Шрифт:
Весной он умер, в марте девятьсот второго. Умер не в Колмове: Александра Васильевна почему-то сочла за благо переместить его в Ново-Знаменскую больницу близ Петербурга. О кончине Глеба Ивановича она известила меня телеграммой.
Провожала его огромная масса народа, провожала своего писателя – ни единой мундирной фигуры, никого из департаментов. Пел студенческий хор, но, казалось, текла процессия в безмолвии, как текут глубокие воды.
Со святыми упокой? Да, так – со святыми.
Колмово, 1902–1903
Москва, 1986–1987
Приложение
ИЗ ЗАПИСОК Н.Н.УСОЛЬЦЕВА О НОВОЙ МОСКВЕ 3
1
Сочинения я писал гимназистом, давно. В словесности, как, впрочем, и в остальном, отнюдь не блистал. Но теперь у меня совсем иная, не гимназическая забота. Дело-то вот какое. Я хочу рассказать о событиях уже минувших. Стало быть, я эти события вижу и понимаю не совсем так, а то и совсем не так, как прежде, то есть когда они совершались. Отсюда трудность в соблюдении, так сказать, линии, пропорции. Не уверен, сумею ли, однако приступаю.
3
Полностью в кн.: Давыдов Ю. В. Судьба Усольцева. М., 1973.

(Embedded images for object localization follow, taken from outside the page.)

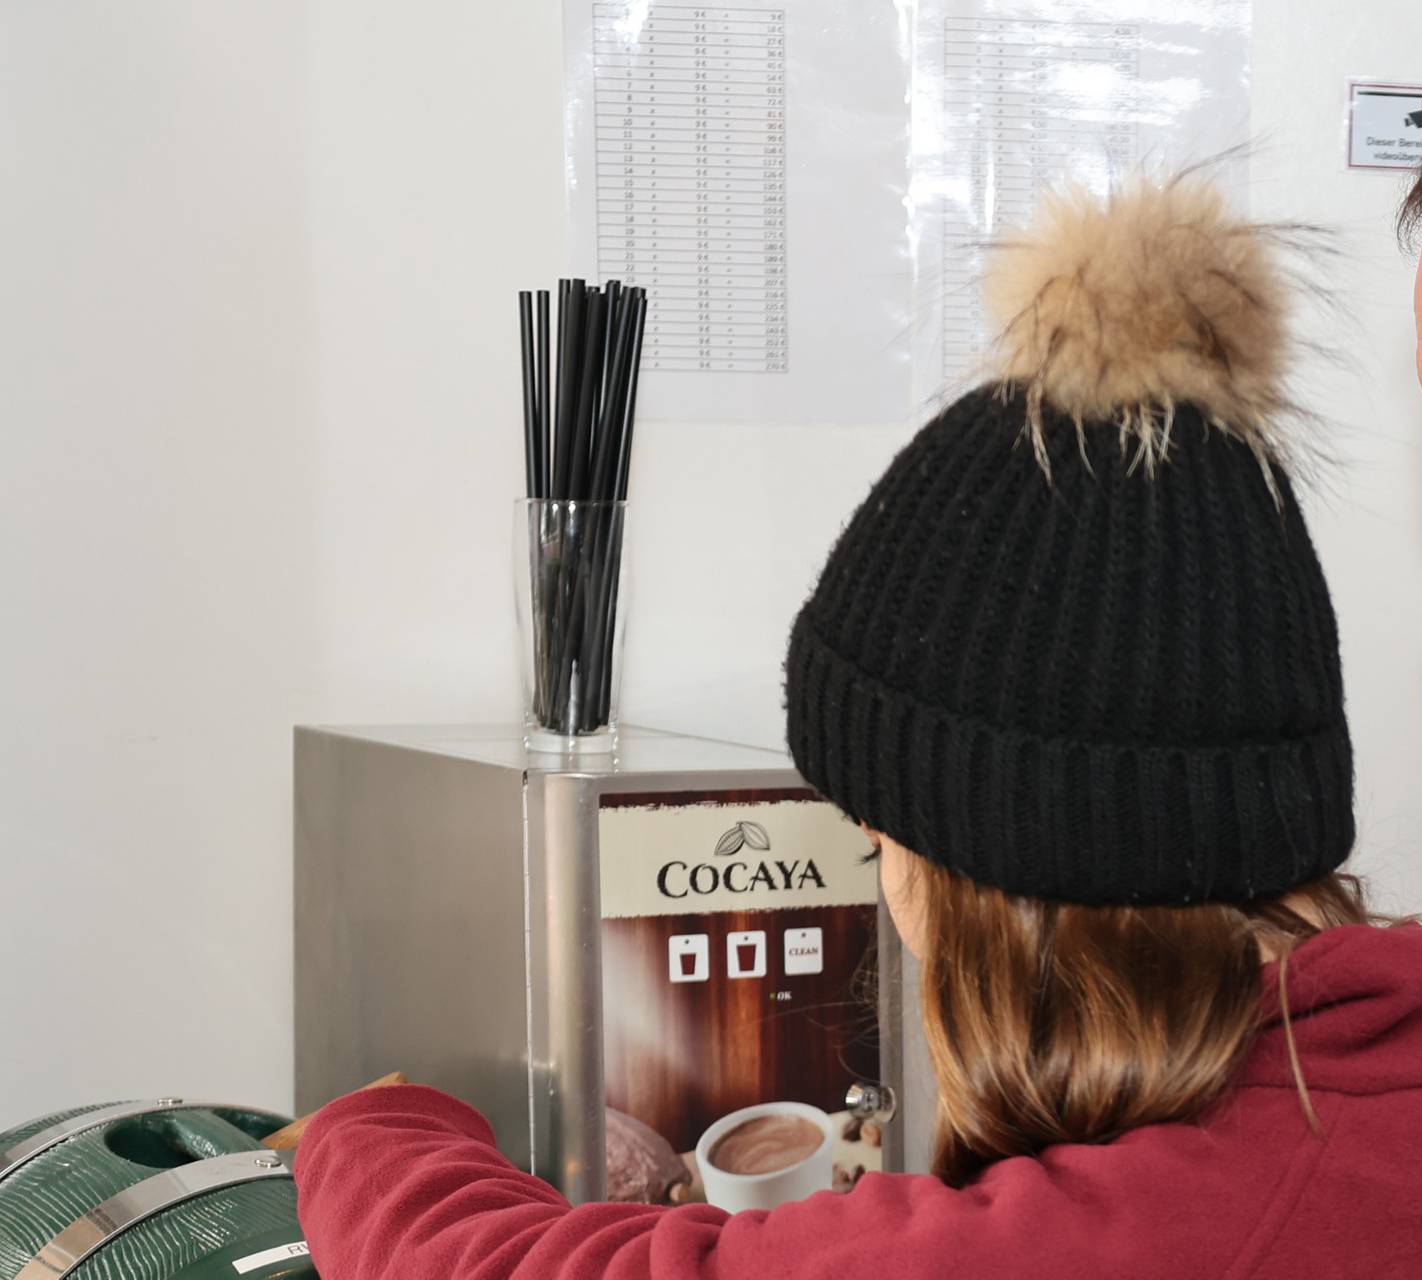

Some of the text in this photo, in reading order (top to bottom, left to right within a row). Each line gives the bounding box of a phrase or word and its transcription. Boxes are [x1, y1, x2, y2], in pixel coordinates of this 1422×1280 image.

[1366, 136, 1396, 146] Dieser
[657, 858, 827, 899] COCAYA
[788, 947, 818, 956] CLEAN
[777, 991, 792, 1000] OK
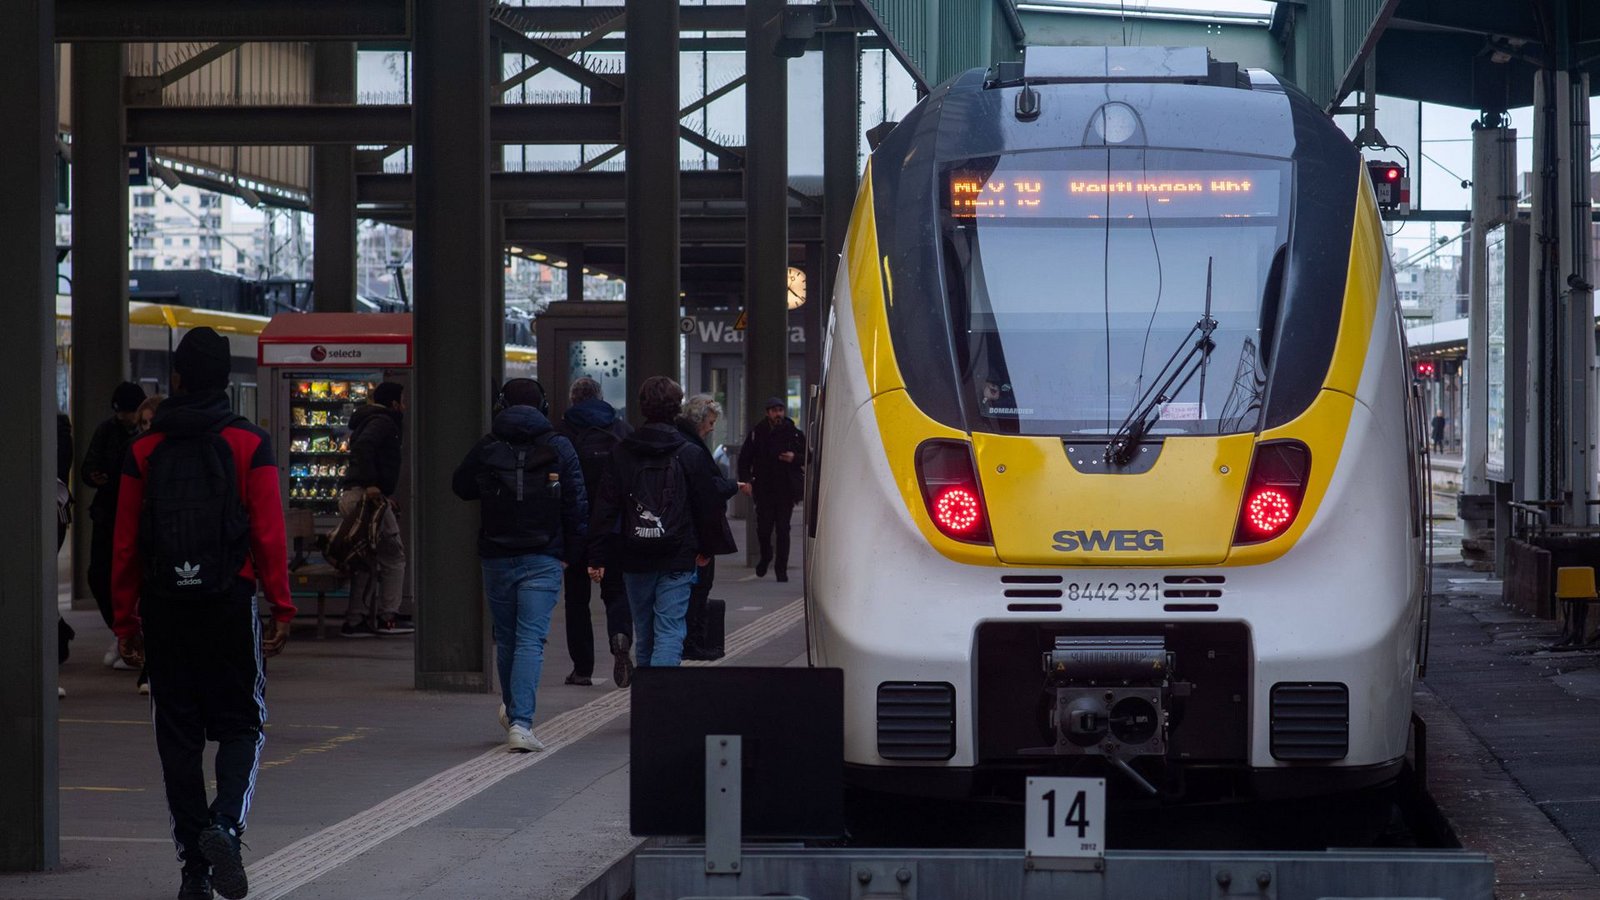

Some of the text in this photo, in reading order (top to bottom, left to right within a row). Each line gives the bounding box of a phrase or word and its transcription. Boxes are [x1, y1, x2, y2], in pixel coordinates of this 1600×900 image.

[328, 349, 362, 358] selecta
[989, 407, 1034, 415] BOMBARDIER
[634, 526, 661, 538] PUMA
[1051, 529, 1164, 552] SWEG
[176, 578, 202, 586] adidas
[1068, 582, 1159, 601] 8442 321
[1042, 789, 1090, 838] 14
[1080, 843, 1097, 851] 2012
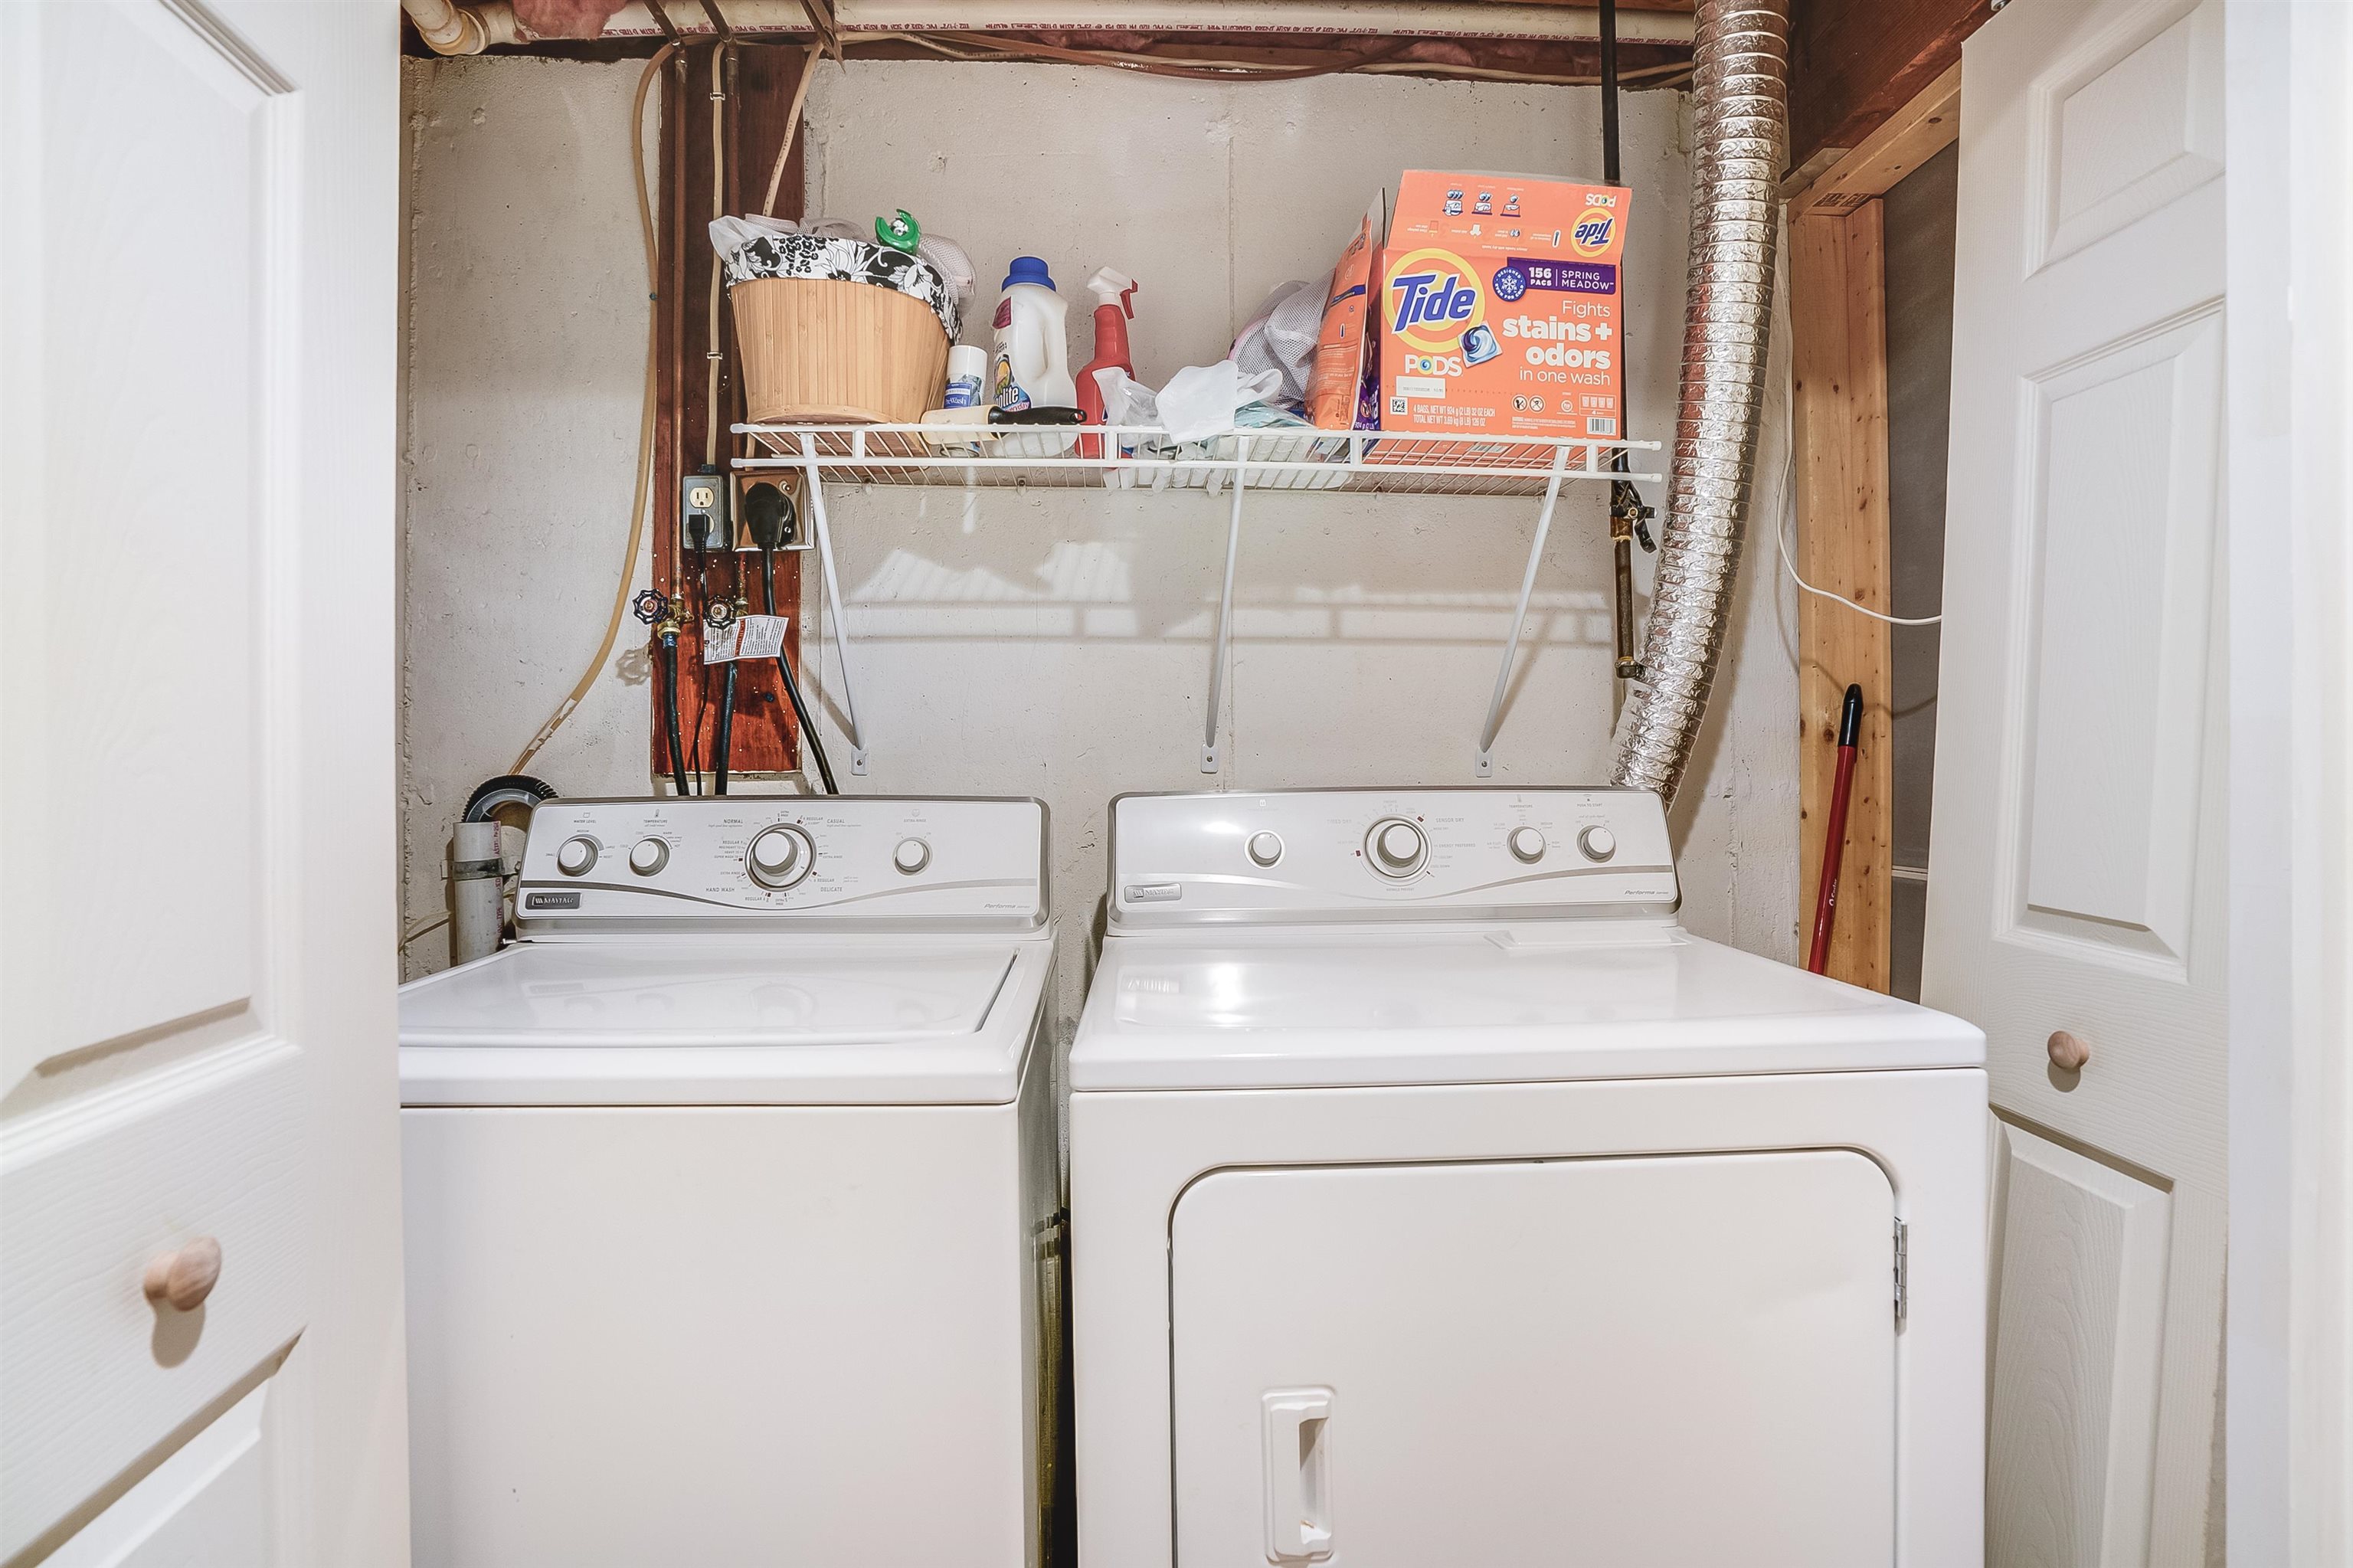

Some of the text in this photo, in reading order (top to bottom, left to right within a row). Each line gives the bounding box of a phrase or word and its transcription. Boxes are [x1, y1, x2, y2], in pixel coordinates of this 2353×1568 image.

[1585, 193, 1617, 208] PODS
[1574, 217, 1615, 247] Tide
[1529, 267, 1552, 279] 156
[1562, 270, 1600, 280] SPRING
[1391, 273, 1476, 335] Tide
[1562, 300, 1611, 319] Fights
[1501, 315, 1612, 342] stains +
[1404, 354, 1462, 377] PODS
[1525, 342, 1612, 370] odors
[1519, 366, 1611, 386] in one wash
[1413, 414, 1427, 423] TOTAL
[1427, 415, 1436, 424] NET
[1436, 416, 1444, 424] WT
[1430, 405, 1439, 414] NET
[1439, 406, 1447, 414] WT
[1471, 408, 1478, 416] 32
[1478, 408, 1484, 417] OZ
[1484, 408, 1495, 417] EACH
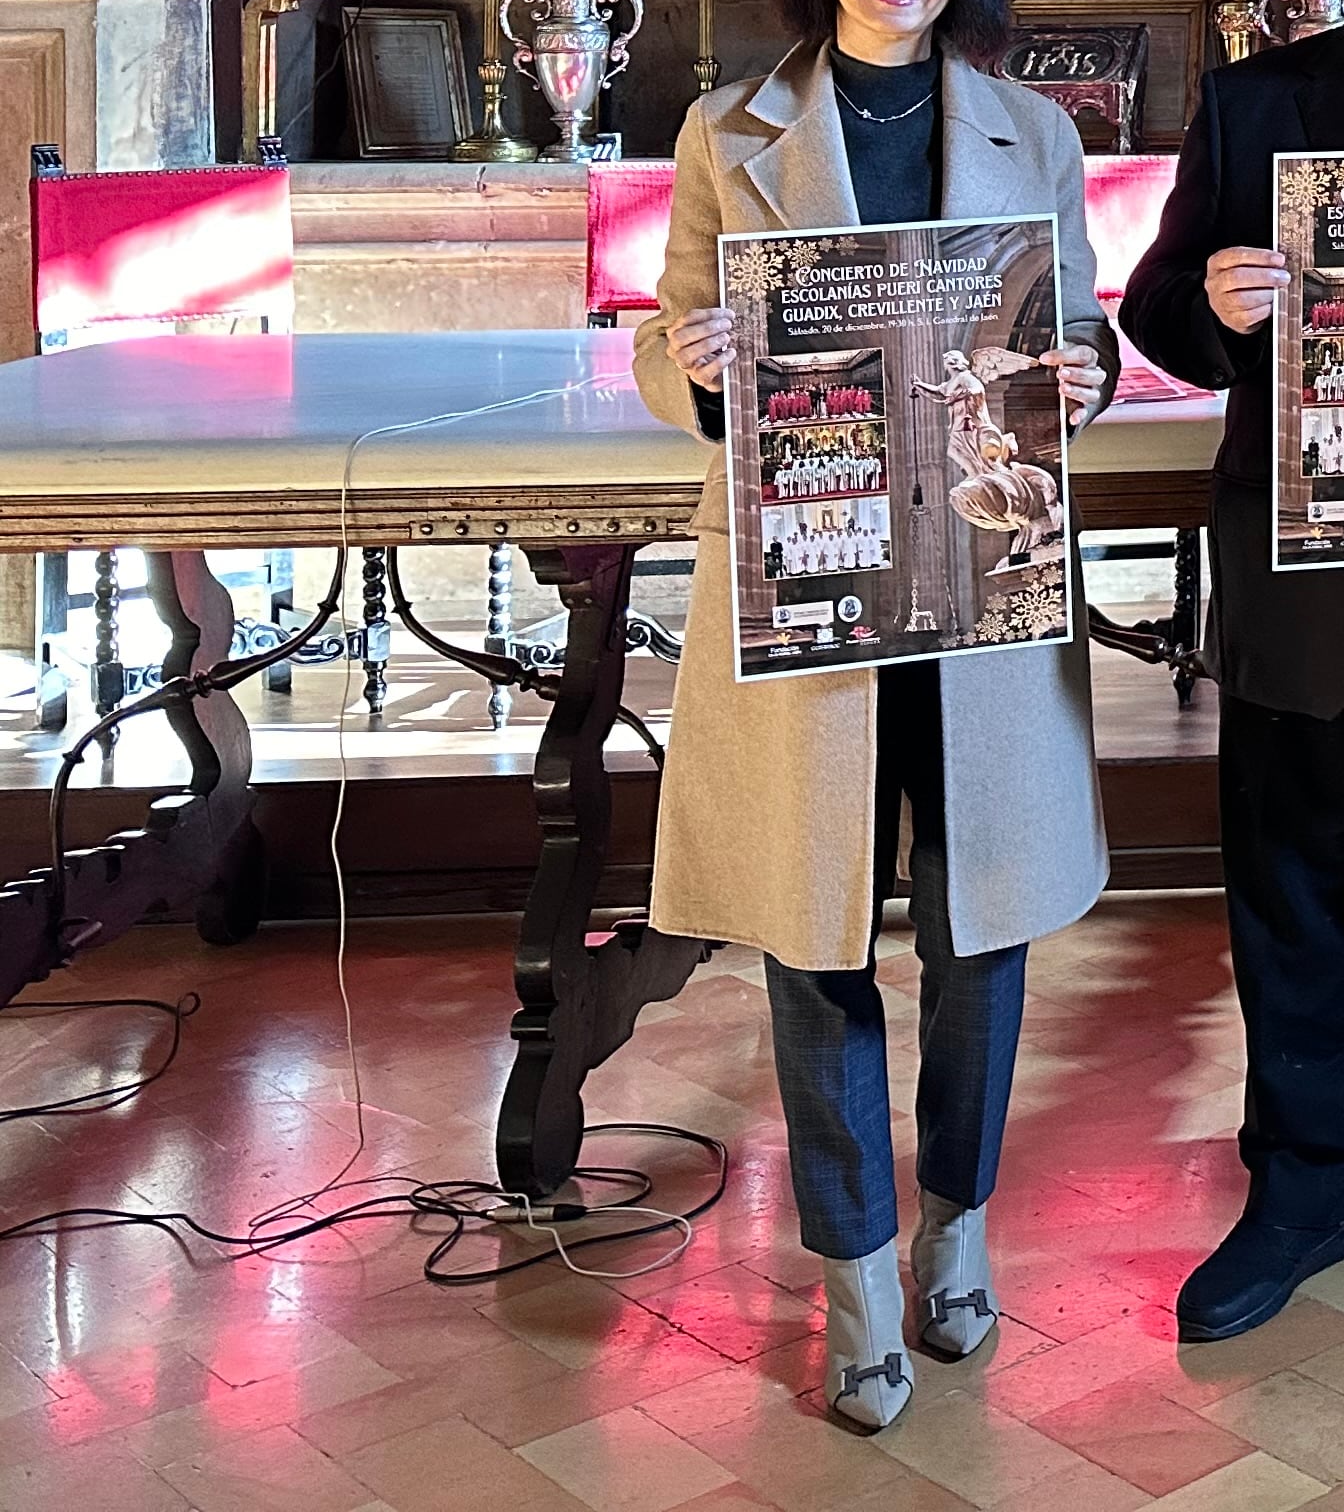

Поздней осенью, в хмурый день мы отчалили из Одессы. Все стояли на палубе, сняв шапки и крестясь. Город, берег, Россия отдалялись; моря было все больше. Я взглянул на вольных казаков, объятых какой-то внезапной сумрачной тревогой. В ту минуту я испытал (помню это очень хорошо) чувство непонятной виновности перед этими людьми.
Н.И.Ашинов тоже был на палубе. Его огромная фигура, борода, разворошенная ветром, его военная стать – все в нем выражало спокойную, твердую уверенность. Но странно: еще вчера именно эти спокойствие и уверенность представлялись мне совершенно необходимыми человеку, стоявшему во главе нашего предприятия, а сейчас, на палубе парохода, сейчас, когда мы уже плыли в открытом море… Ведь должен же он, думалось мне, должен ведь ощущать свою грозную, свою необыкновенную ответственность?
Конечно, Н.И.Ашинов, как и Михаил Пансофьевич Федоровский, как и я, Усольцев, конечно, все мы верили, что русскому народу под силу такое, что ни одному народу на свете не под силу. Это так. Но человек-то, по имени Николай Иванович Ашинов, именно он, этот человек, был нашим Моисеем, был «в ответе» если не перед судом истории (хотя почему бы и не перед ним?), то уж, по крайней мере, перед судом собственной совести. Так откуда же у него это спокойствие, эта уверенность? Что он такое, этот человек, бестрепетно решившийся «понести грех на себе»?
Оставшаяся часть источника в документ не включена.